Back at Fort Leavenworth after a short flight on a C-130 this afternoon.
One of the most interesting things we are hearing about is a new approach the Army is taking to fitness. I’ve been hearing about comprehensive soldier fitness for some time, and we are getting a taste of it during our time here.
The jist of comprehensive soldier fitness is that the Army has realized its past concepts about fitness — namely physical training and physical training only — are inherrently flawed. The leadership is honest about the Army’s problems related to rising suicide rates, domestic violence and mental illness. Comprehensive soldier fitness is an effort to change the Army’s culture and create soldiers that are healthy in every way.
The new philosophy takes into account five areas of a soldier’s fitness: physical, emotional, spiritual, social and family. Part of this means being more proactive about dealing with issues like post traumatic stress disorder and depression. The Army is also involving soldiers’ families in the program, giving them some of the same training the soldiers will get.

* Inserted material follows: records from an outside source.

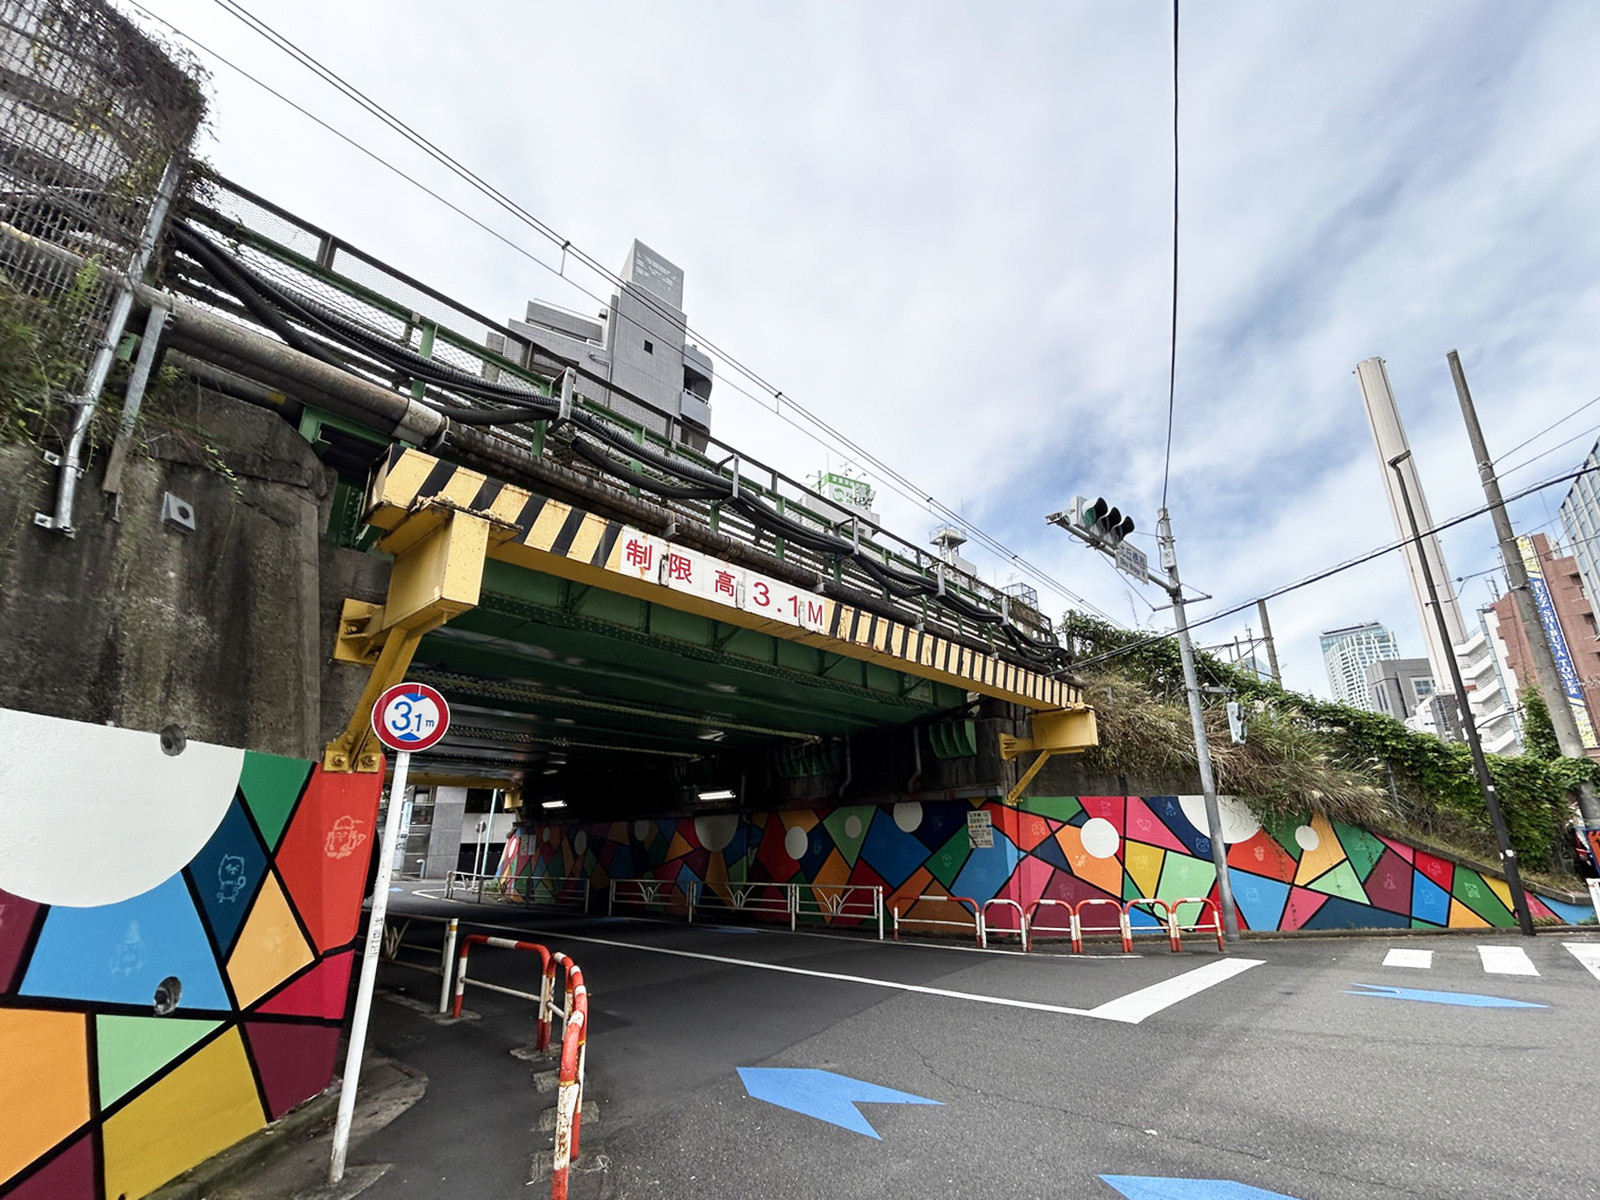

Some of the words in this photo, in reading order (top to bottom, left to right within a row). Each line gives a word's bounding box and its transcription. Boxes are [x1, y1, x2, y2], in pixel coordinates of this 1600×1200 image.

[1533, 581, 1549, 608] BUZZ
[1543, 609, 1566, 657] SHIBUYA
[1559, 659, 1578, 695] TOWER
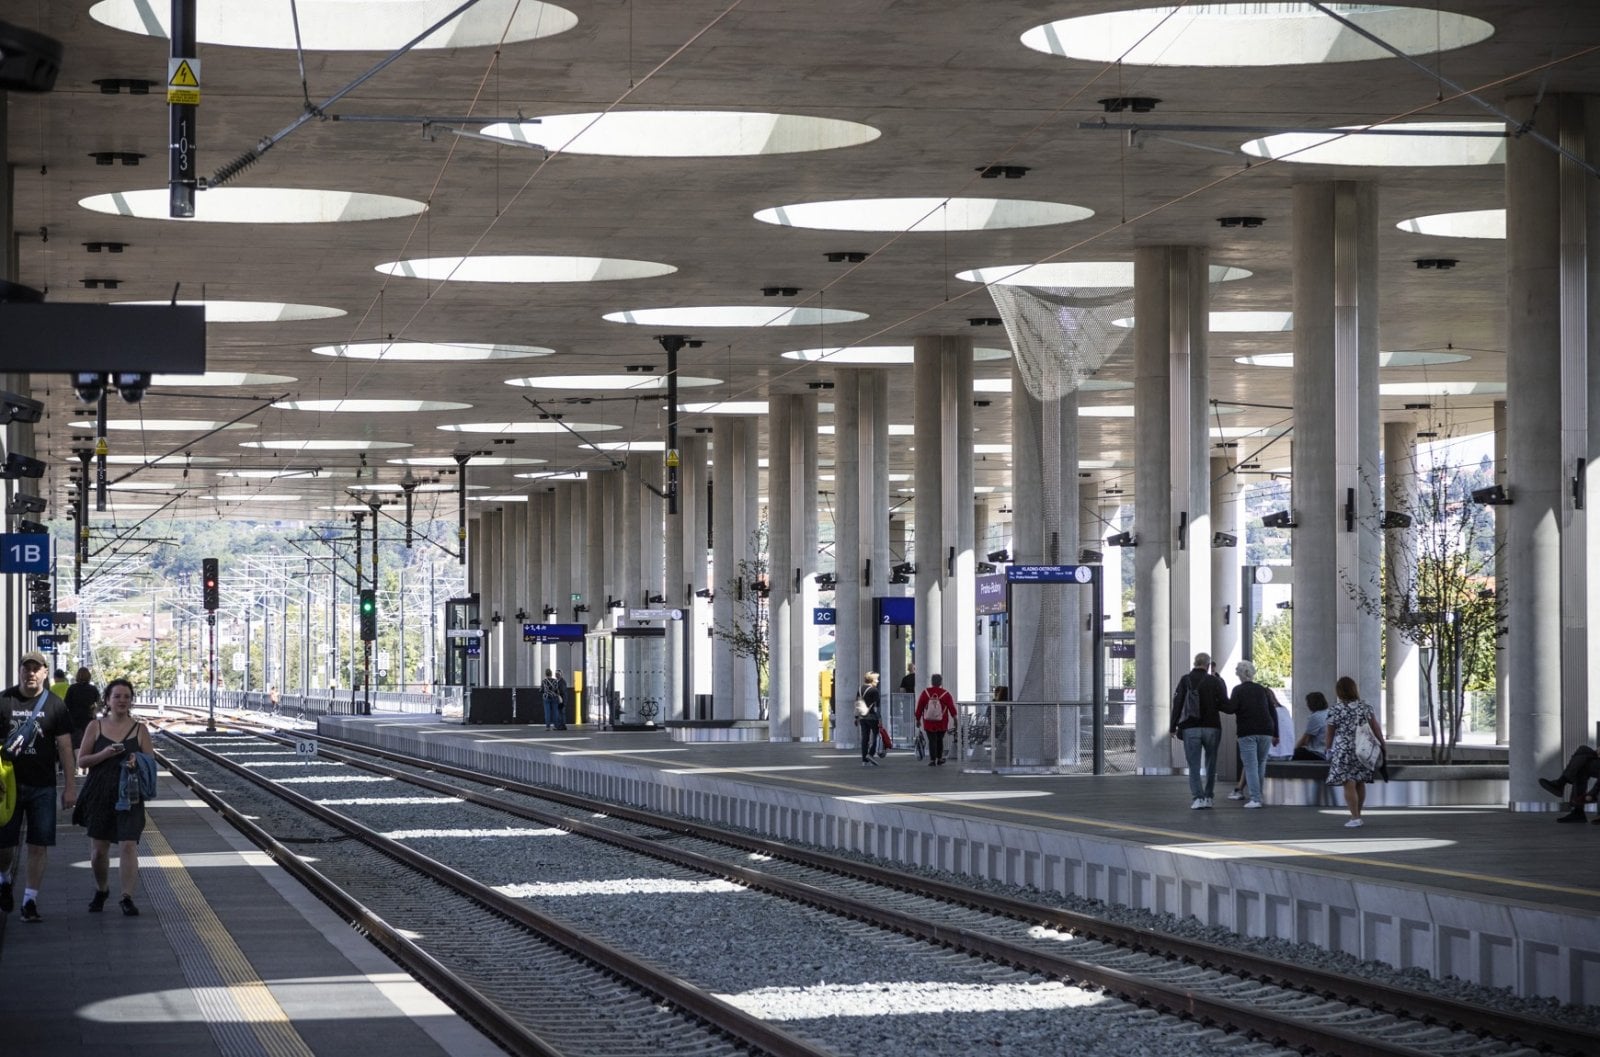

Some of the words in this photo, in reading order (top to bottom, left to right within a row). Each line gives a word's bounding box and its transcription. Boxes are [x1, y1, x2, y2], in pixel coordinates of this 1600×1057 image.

[180, 120, 188, 171] 103
[10, 544, 41, 562] 1B
[816, 612, 831, 621] 2C
[883, 615, 890, 624] 2
[35, 618, 49, 627] 1C
[299, 742, 314, 753] 0,3
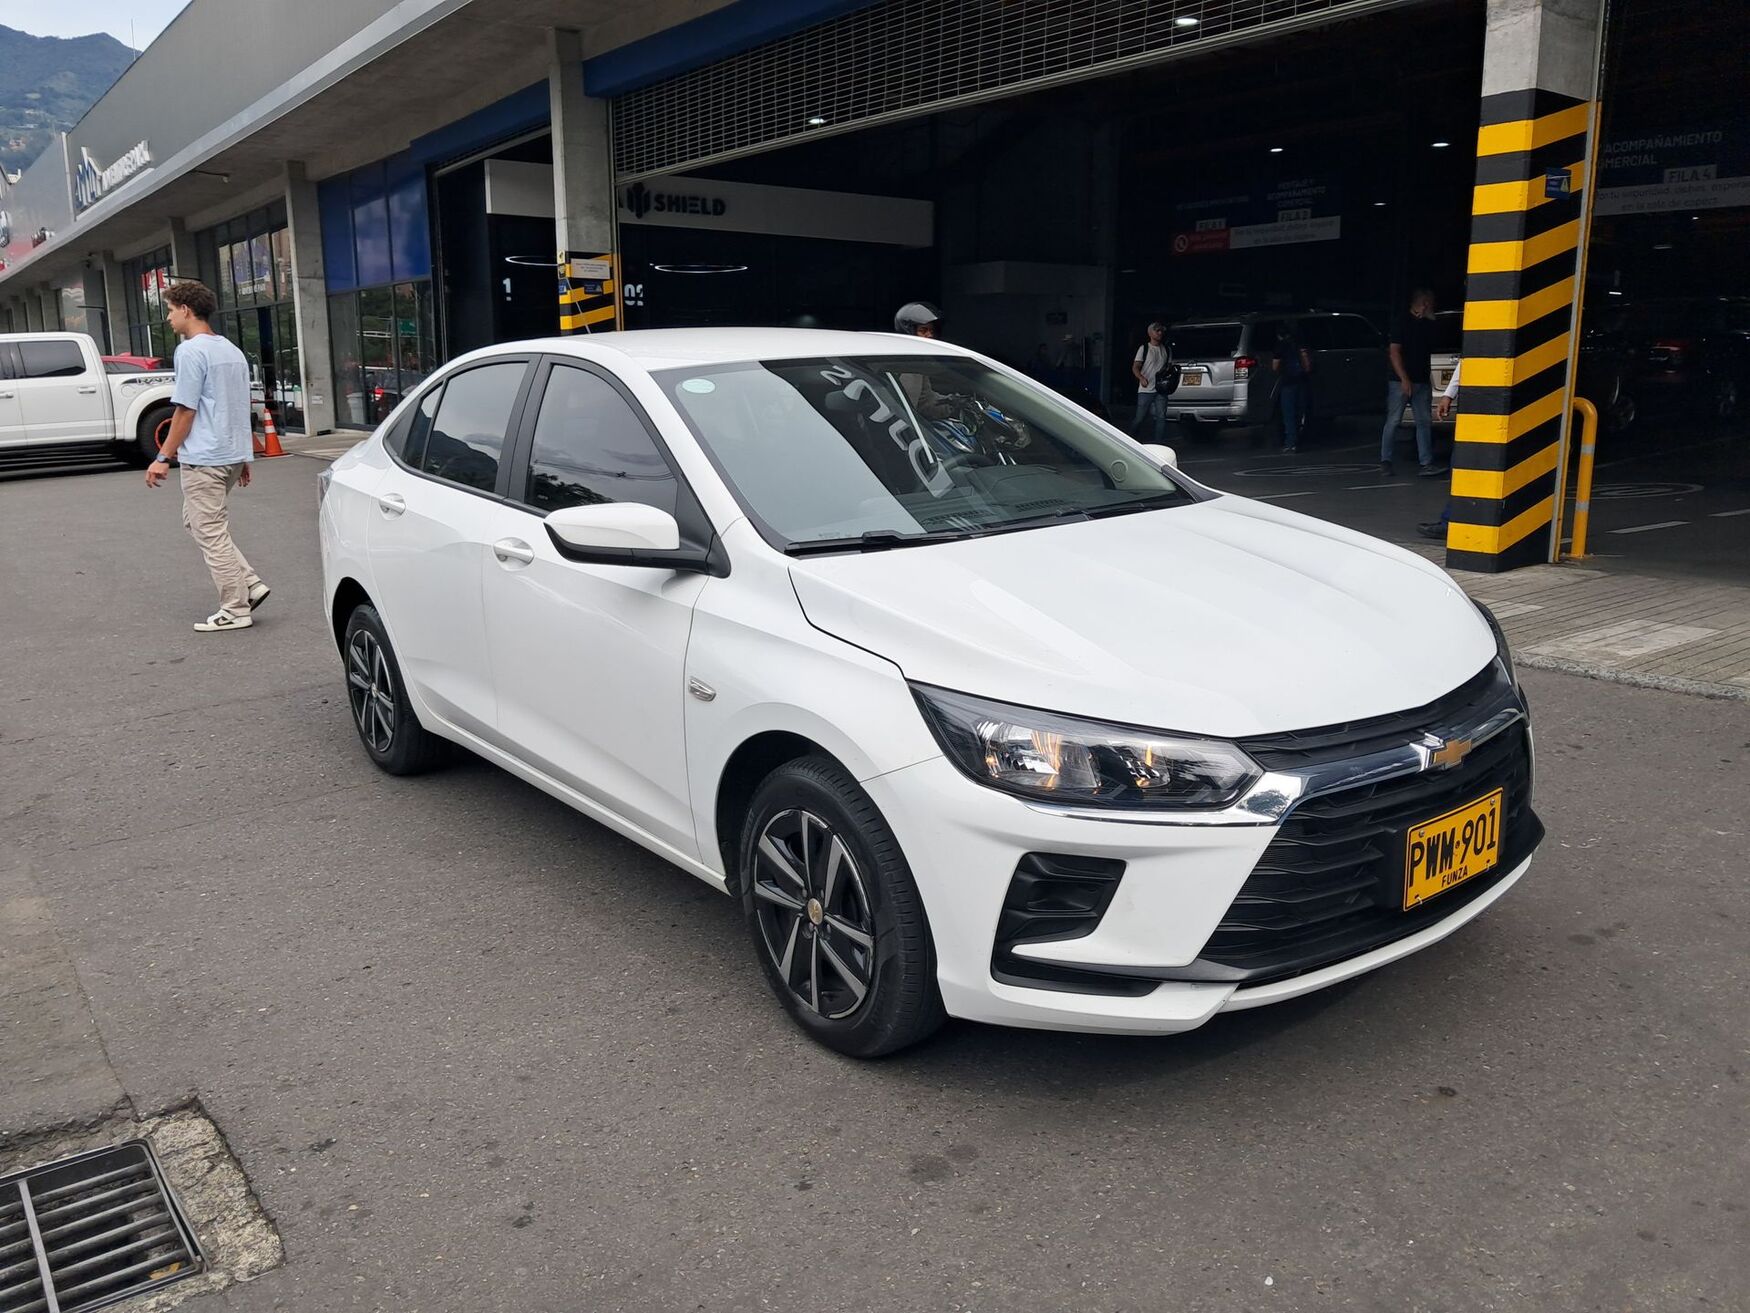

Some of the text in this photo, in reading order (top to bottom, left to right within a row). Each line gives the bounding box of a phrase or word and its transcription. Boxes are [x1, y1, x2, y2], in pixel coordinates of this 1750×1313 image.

[1669, 170, 1700, 183] FILA
[654, 194, 726, 216] SHIELD
[1441, 865, 1469, 888] FUNZA
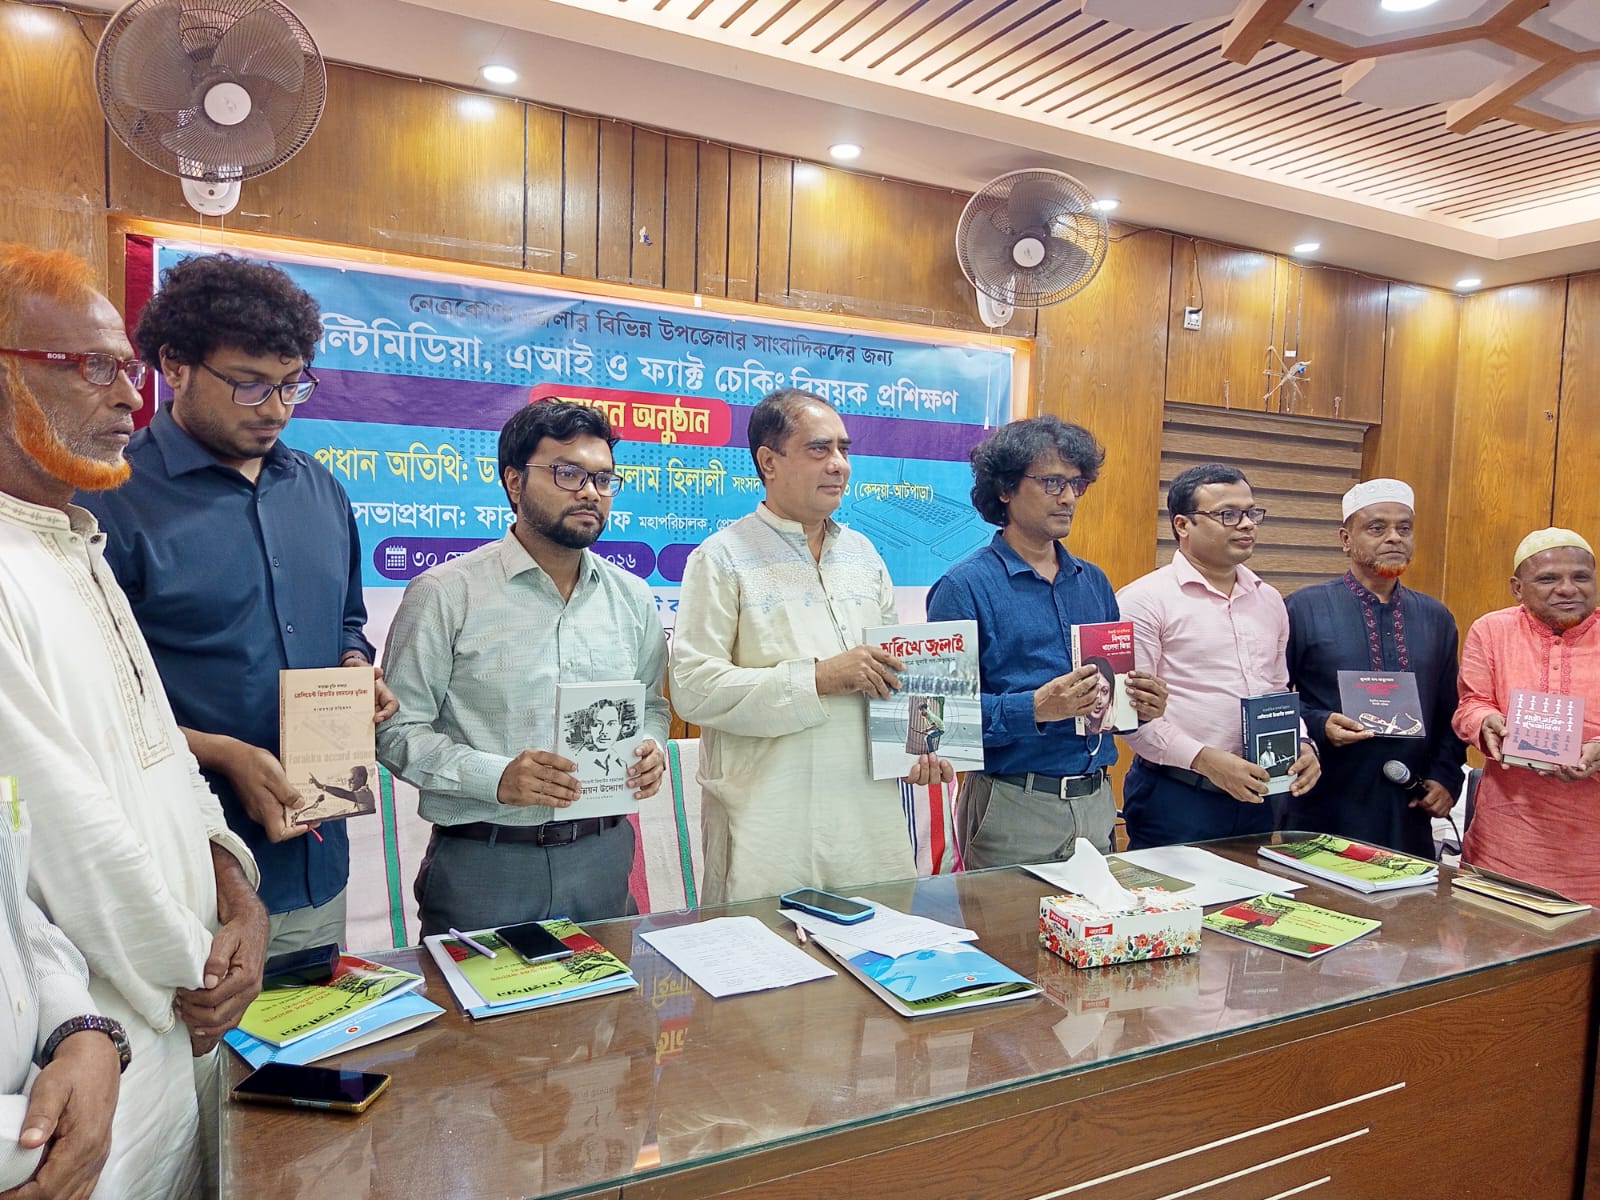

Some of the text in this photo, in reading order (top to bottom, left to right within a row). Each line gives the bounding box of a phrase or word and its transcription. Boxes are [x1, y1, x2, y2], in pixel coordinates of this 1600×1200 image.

[596, 309, 651, 338] বিভিন্ন
[658, 315, 747, 351] উপজেলার
[752, 334, 856, 363] সাংবাদিকদের
[861, 346, 893, 367] জন্য
[319, 312, 492, 375] ল্টিমিডিয়া,
[506, 338, 594, 382] এআই
[605, 354, 628, 381] ও
[637, 352, 706, 391] ফ্যাক্ট
[715, 359, 785, 395] চেকিং
[877, 377, 959, 415] প্রশিক্ষণ
[632, 397, 710, 444] অনুষ্ঠান
[385, 441, 469, 485] অতিথি:
[666, 458, 727, 496] হিলালী
[352, 501, 467, 529] সভাপ্রধান:
[639, 513, 712, 532] মহাপরিচালক,
[412, 551, 437, 567] ৩০
[606, 553, 637, 569] ০২৬
[925, 633, 965, 657] জুলাই

One of the comprehensive soldier fitness concepts the Army is about to implement across the service is resiliancy. Think of the way a tennis ball deforms when you squeeze it. When you let go, the ball returns to its original shape. The Army wants its soldiers to be able to deal with the physical and psychological stresses in their lives in much the same way, returning to their healthy selves after the challenges are over.
Soldiers will be taught, beginning in basic training, methods to deal with all kinds of stress. This strategy is a way of dealing with anxiety by returning yourself to rational thinking. Say, for example, that a soldier is deployed to Iraq or Afghanistan and calls home to get no answer. In a stressful environment, all kinds of things could go through that soldier’s head as to why his or her spouse isn’t answering. Resiliancy teaches the soldier to consider that the worst-case may not be the most likely case. While the soldier’s fear may be that his or her spouse is cheating, the most-likely scenario is that they simply left the house to go shopping or something similar.
When I get back to Oklahoma, I intend to follow-up on this concept with the Oklahoma National Guard. I’d like to know how they plan to implement comprehensive soldier fitness and when we can expect to see these methods put in place.